(Excerpts from a dataset)

◇ ◇ ◇ ◇

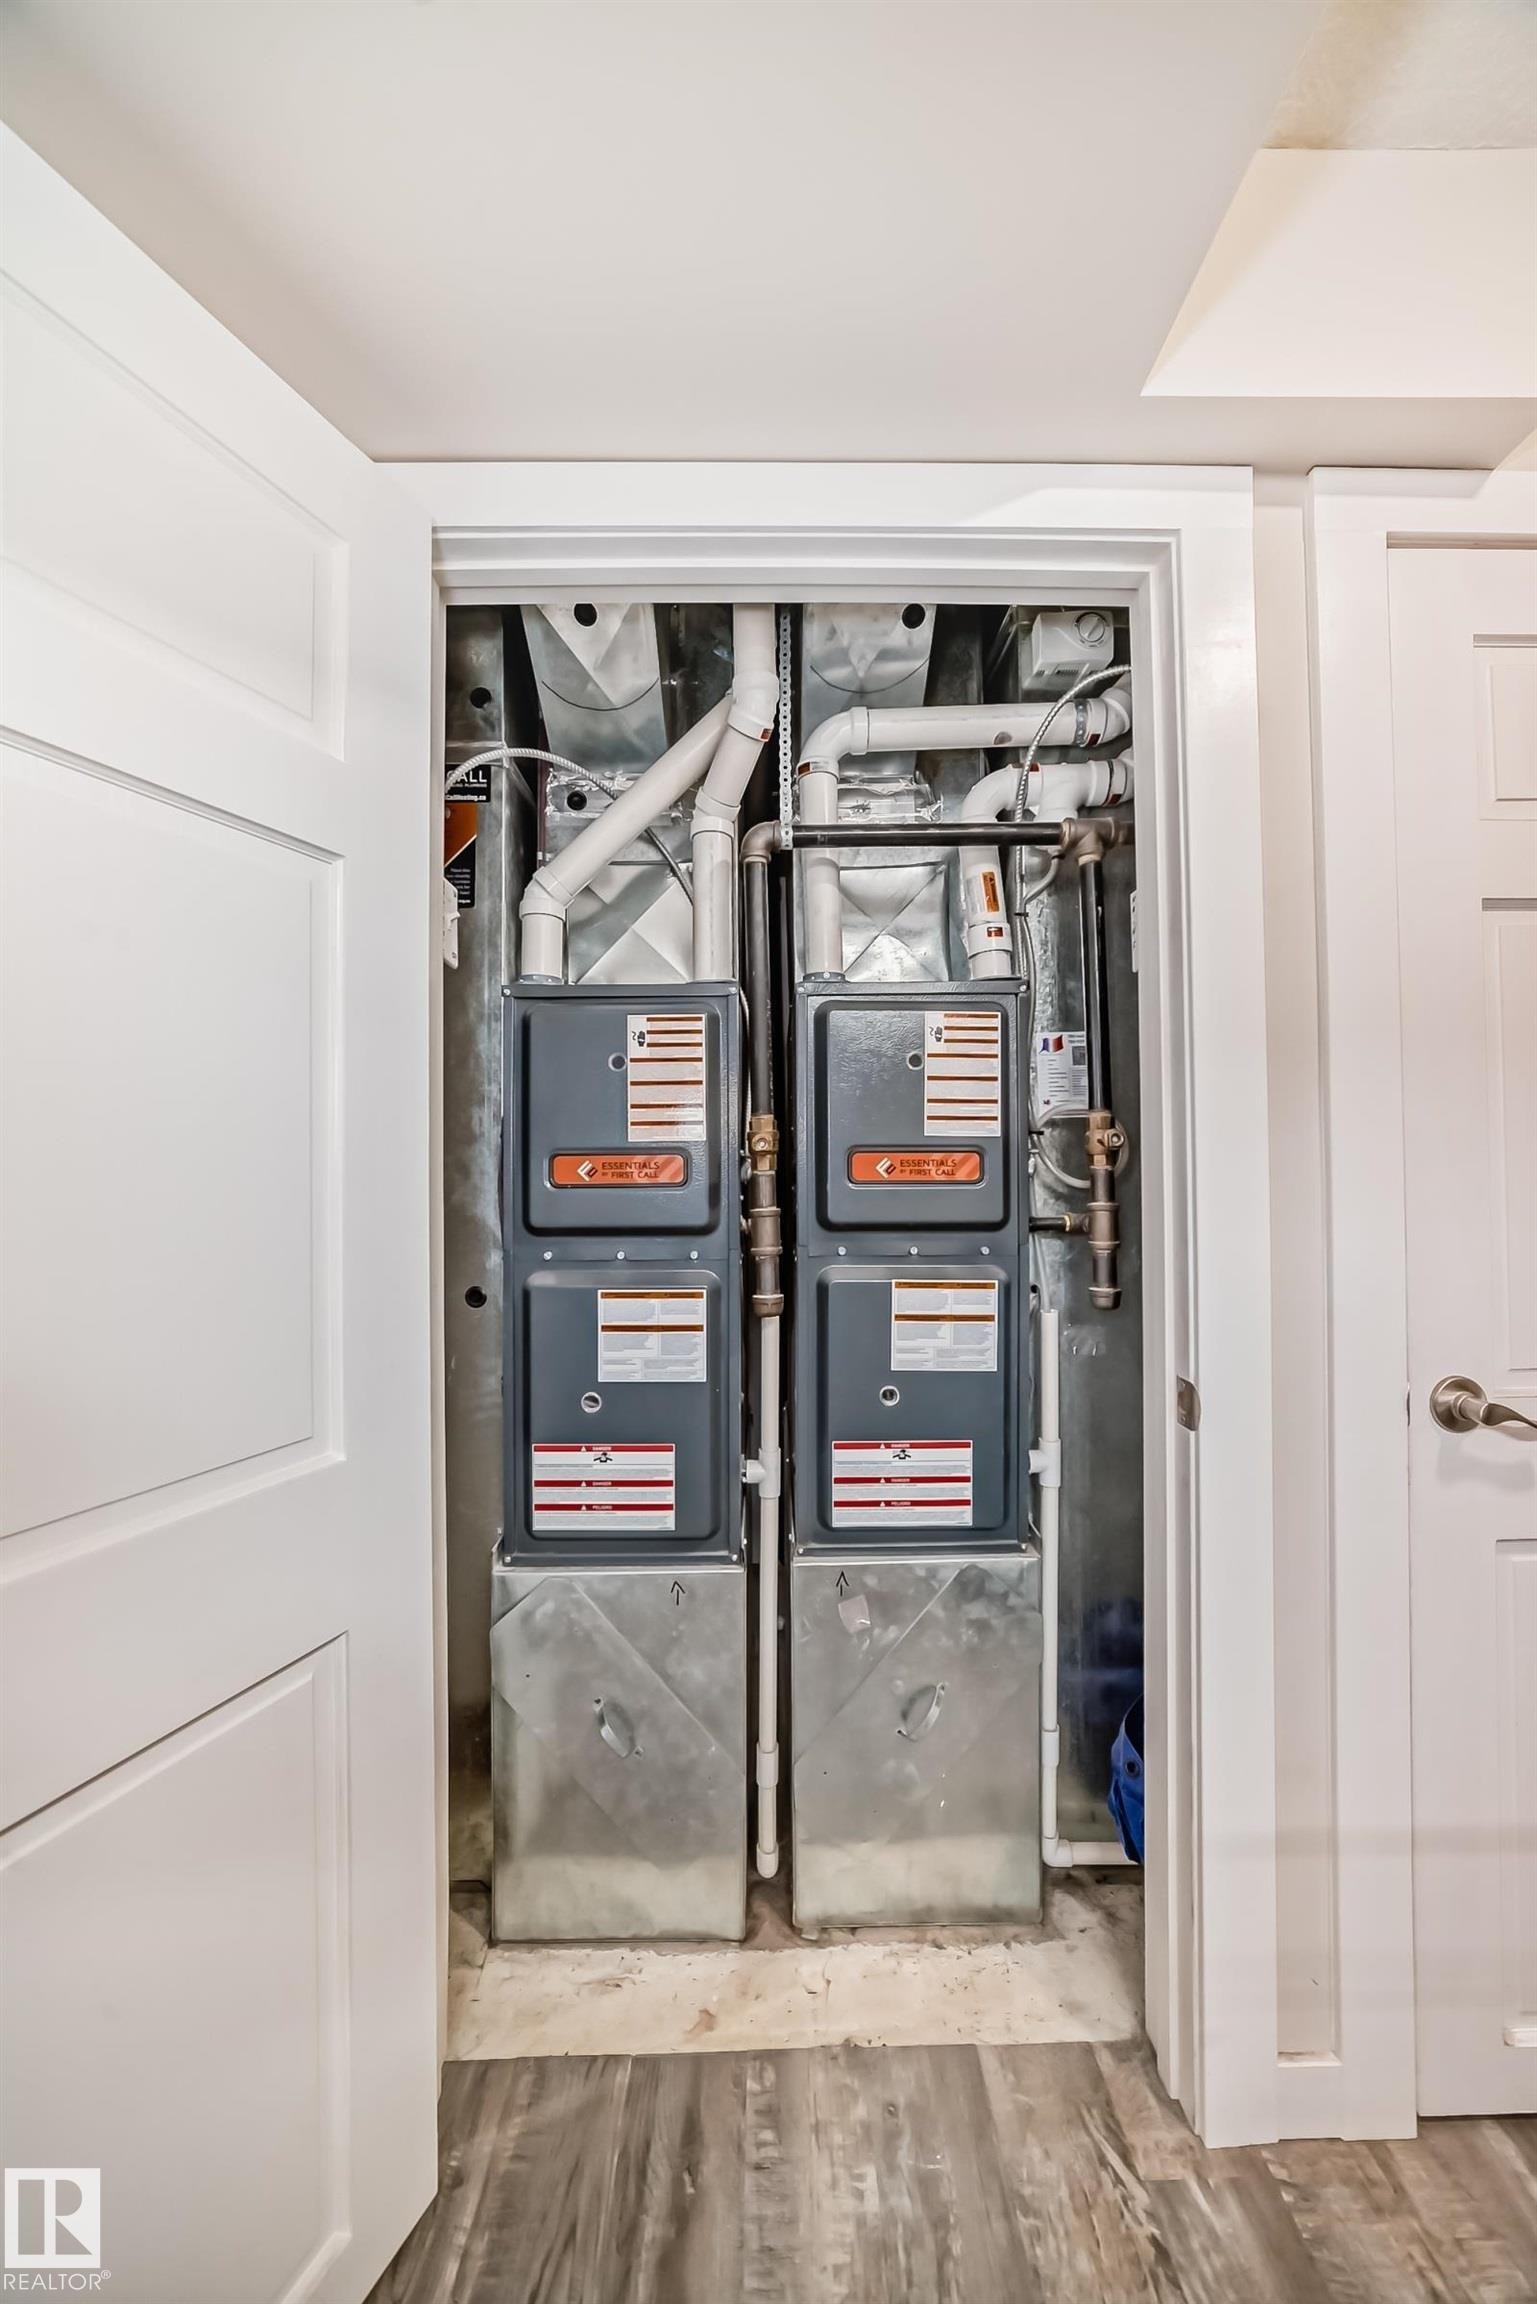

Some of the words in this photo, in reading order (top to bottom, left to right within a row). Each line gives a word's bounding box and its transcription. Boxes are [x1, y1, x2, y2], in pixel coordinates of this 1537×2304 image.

[601, 1161, 660, 1170] ESSENTIALS
[900, 1159, 957, 1168] ESSENTIALS
[610, 1171, 634, 1179] FIRST
[637, 1171, 660, 1179] CALL
[909, 1168, 932, 1177] FIRST
[935, 1168, 956, 1177] CALL

◇ ◇ ◇ ◇

Exercise:
Give back the full data exactly as it reads, but drop the pictures.

Task output:
Some of the words in this photo, in reading order (top to bottom, left to right within a row). Each line gives a word's bounding box and its transcription. Boxes are [x1, y1, x2, y2], in pixel coordinates of this 1537×2304 image.

[601, 1161, 660, 1170] ESSENTIALS
[900, 1159, 957, 1168] ESSENTIALS
[610, 1171, 634, 1179] FIRST
[637, 1171, 660, 1179] CALL
[909, 1168, 932, 1177] FIRST
[935, 1168, 956, 1177] CALL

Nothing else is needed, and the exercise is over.